(Saved entries)
*** Begin section ***

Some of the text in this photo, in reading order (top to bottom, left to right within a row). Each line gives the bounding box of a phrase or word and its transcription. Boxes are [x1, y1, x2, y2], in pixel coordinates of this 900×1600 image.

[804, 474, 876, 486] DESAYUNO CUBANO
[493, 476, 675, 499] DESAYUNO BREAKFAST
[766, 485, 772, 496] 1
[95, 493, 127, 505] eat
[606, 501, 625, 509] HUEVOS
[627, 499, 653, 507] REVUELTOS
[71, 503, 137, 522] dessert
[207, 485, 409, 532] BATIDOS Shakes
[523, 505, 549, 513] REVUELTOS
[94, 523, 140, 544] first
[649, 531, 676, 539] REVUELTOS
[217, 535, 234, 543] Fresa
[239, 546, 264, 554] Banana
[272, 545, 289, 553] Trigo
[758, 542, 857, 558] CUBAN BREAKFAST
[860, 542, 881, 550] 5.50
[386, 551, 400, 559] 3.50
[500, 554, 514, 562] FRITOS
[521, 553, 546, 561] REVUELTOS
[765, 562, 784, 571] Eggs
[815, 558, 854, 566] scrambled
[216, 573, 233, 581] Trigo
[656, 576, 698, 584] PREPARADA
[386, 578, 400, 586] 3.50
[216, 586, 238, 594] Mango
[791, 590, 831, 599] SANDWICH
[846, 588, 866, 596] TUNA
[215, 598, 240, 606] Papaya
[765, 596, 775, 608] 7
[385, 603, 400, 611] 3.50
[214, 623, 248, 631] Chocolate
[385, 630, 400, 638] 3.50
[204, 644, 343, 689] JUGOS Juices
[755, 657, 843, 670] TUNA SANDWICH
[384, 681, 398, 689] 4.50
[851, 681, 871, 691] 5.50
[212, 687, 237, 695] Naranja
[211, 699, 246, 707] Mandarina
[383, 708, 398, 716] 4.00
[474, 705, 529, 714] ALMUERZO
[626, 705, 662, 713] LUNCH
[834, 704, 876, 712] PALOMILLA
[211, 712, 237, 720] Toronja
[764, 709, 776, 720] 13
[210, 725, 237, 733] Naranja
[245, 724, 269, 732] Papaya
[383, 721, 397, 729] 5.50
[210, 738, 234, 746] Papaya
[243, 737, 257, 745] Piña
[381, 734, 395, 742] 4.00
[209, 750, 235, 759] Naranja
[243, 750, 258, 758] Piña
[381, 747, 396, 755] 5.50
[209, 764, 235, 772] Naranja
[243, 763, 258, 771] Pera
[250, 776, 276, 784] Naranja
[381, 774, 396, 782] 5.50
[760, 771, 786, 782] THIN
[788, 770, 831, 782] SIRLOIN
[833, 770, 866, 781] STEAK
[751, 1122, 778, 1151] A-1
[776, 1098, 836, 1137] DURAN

*** End section ***

TASK GOAL - Each record above must be restated in full, word for word.

TASK SOLUTION -
Some of the text in this photo, in reading order (top to bottom, left to right within a row). Each line gives the bounding box of a phrase or word and its transcription. Boxes are [x1, y1, x2, y2], in pixel coordinates of this 900×1600 image.

[804, 474, 876, 486] DESAYUNO CUBANO
[493, 476, 675, 499] DESAYUNO BREAKFAST
[766, 485, 772, 496] 1
[95, 493, 127, 505] eat
[606, 501, 625, 509] HUEVOS
[627, 499, 653, 507] REVUELTOS
[71, 503, 137, 522] dessert
[207, 485, 409, 532] BATIDOS Shakes
[523, 505, 549, 513] REVUELTOS
[94, 523, 140, 544] first
[649, 531, 676, 539] REVUELTOS
[217, 535, 234, 543] Fresa
[239, 546, 264, 554] Banana
[272, 545, 289, 553] Trigo
[758, 542, 857, 558] CUBAN BREAKFAST
[860, 542, 881, 550] 5.50
[386, 551, 400, 559] 3.50
[500, 554, 514, 562] FRITOS
[521, 553, 546, 561] REVUELTOS
[765, 562, 784, 571] Eggs
[815, 558, 854, 566] scrambled
[216, 573, 233, 581] Trigo
[656, 576, 698, 584] PREPARADA
[386, 578, 400, 586] 3.50
[216, 586, 238, 594] Mango
[791, 590, 831, 599] SANDWICH
[846, 588, 866, 596] TUNA
[215, 598, 240, 606] Papaya
[765, 596, 775, 608] 7
[385, 603, 400, 611] 3.50
[214, 623, 248, 631] Chocolate
[385, 630, 400, 638] 3.50
[204, 644, 343, 689] JUGOS Juices
[755, 657, 843, 670] TUNA SANDWICH
[384, 681, 398, 689] 4.50
[851, 681, 871, 691] 5.50
[212, 687, 237, 695] Naranja
[211, 699, 246, 707] Mandarina
[383, 708, 398, 716] 4.00
[474, 705, 529, 714] ALMUERZO
[626, 705, 662, 713] LUNCH
[834, 704, 876, 712] PALOMILLA
[211, 712, 237, 720] Toronja
[764, 709, 776, 720] 13
[210, 725, 237, 733] Naranja
[245, 724, 269, 732] Papaya
[383, 721, 397, 729] 5.50
[210, 738, 234, 746] Papaya
[243, 737, 257, 745] Piña
[381, 734, 395, 742] 4.00
[209, 750, 235, 759] Naranja
[243, 750, 258, 758] Piña
[381, 747, 396, 755] 5.50
[209, 764, 235, 772] Naranja
[243, 763, 258, 771] Pera
[250, 776, 276, 784] Naranja
[381, 774, 396, 782] 5.50
[760, 771, 786, 782] THIN
[788, 770, 831, 782] SIRLOIN
[833, 770, 866, 781] STEAK
[751, 1122, 778, 1151] A-1
[776, 1098, 836, 1137] DURAN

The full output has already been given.